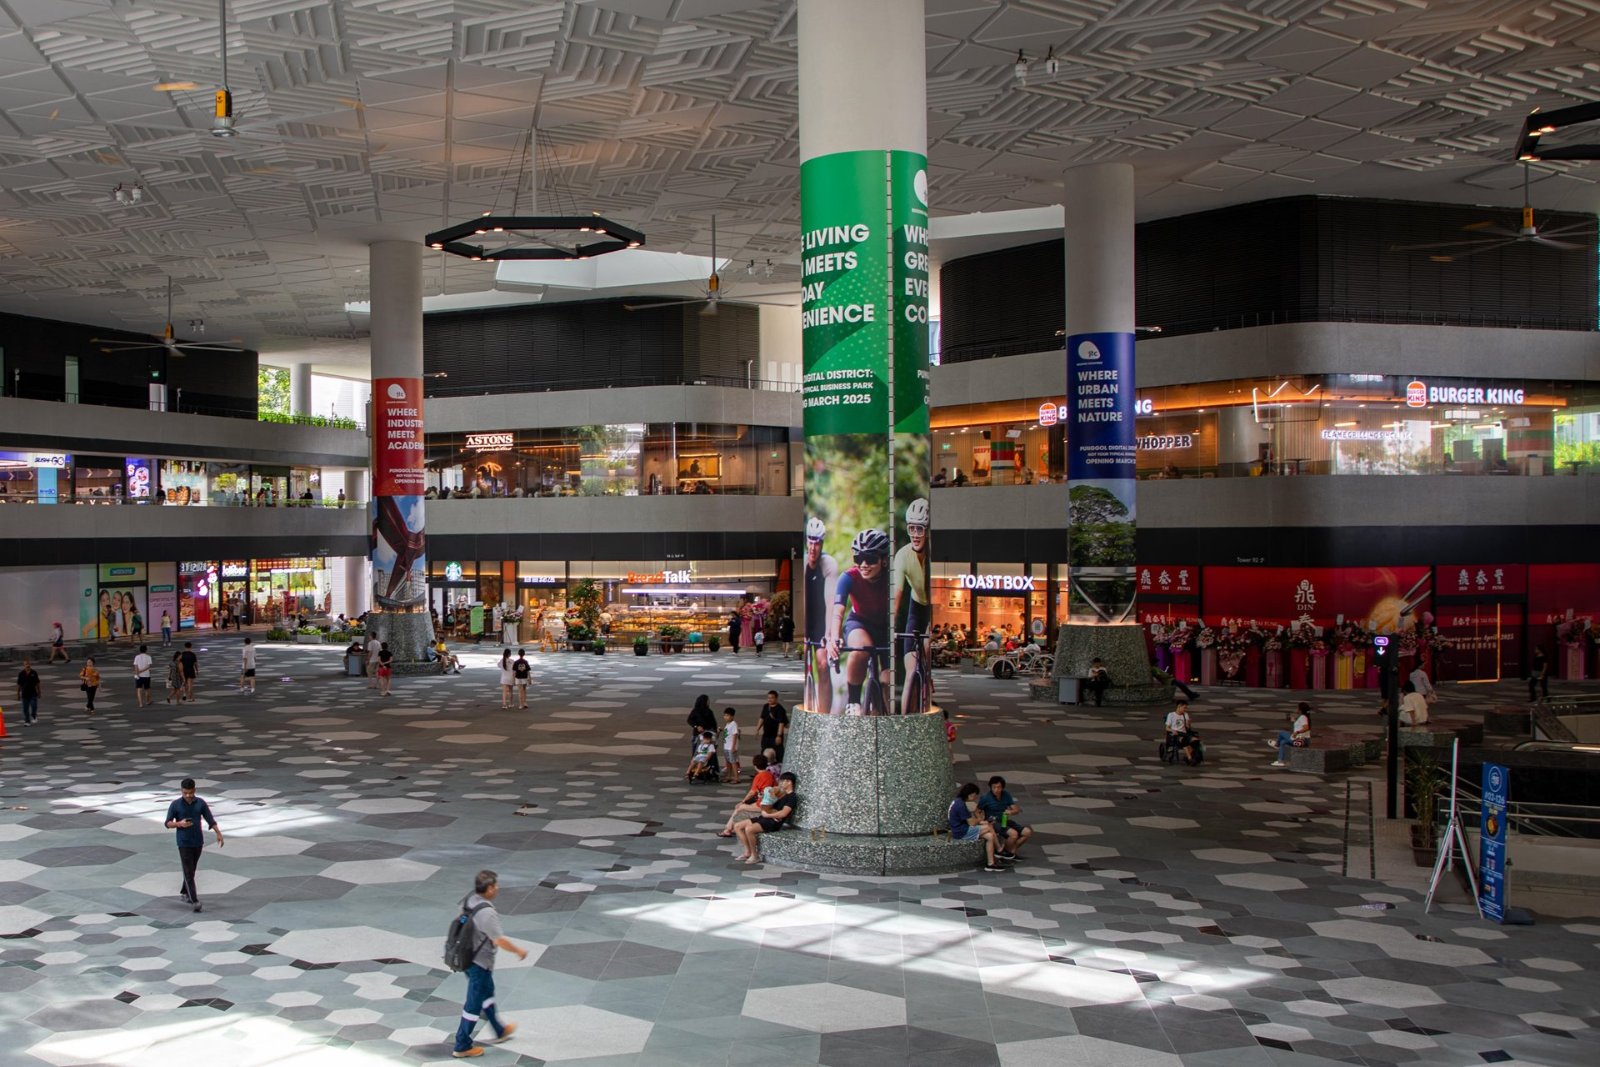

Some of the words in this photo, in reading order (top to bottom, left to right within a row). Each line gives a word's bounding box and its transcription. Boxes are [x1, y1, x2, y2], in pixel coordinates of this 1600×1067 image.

[806, 224, 869, 250] LIVING
[806, 251, 857, 276] MEETS
[827, 369, 873, 379] DISTRICT:
[1078, 370, 1118, 381] WHERE
[821, 383, 851, 391] BUSINESS
[1078, 384, 1118, 395] URBAN
[808, 396, 840, 407] MARCH
[843, 394, 871, 404] 2025
[1430, 387, 1484, 404] BURGER
[1486, 389, 1524, 404] KING
[1078, 398, 1114, 409] MEETS
[387, 408, 418, 417] WHERE
[1078, 412, 1122, 423] NATURE
[387, 430, 415, 439] MEETS
[466, 435, 513, 445] ASTONS
[958, 574, 1002, 589] TOAST
[1003, 575, 1035, 591] BOX

Requirement:
Leaving aside the images, write out every entry above exactly.

Result:
Some of the words in this photo, in reading order (top to bottom, left to right within a row). Each line gives a word's bounding box and its transcription. Boxes are [x1, y1, x2, y2], in pixel coordinates of this 1600×1067 image.

[806, 224, 869, 250] LIVING
[806, 251, 857, 276] MEETS
[827, 369, 873, 379] DISTRICT:
[1078, 370, 1118, 381] WHERE
[821, 383, 851, 391] BUSINESS
[1078, 384, 1118, 395] URBAN
[808, 396, 840, 407] MARCH
[843, 394, 871, 404] 2025
[1430, 387, 1484, 404] BURGER
[1486, 389, 1524, 404] KING
[1078, 398, 1114, 409] MEETS
[387, 408, 418, 417] WHERE
[1078, 412, 1122, 423] NATURE
[387, 430, 415, 439] MEETS
[466, 435, 513, 445] ASTONS
[958, 574, 1002, 589] TOAST
[1003, 575, 1035, 591] BOX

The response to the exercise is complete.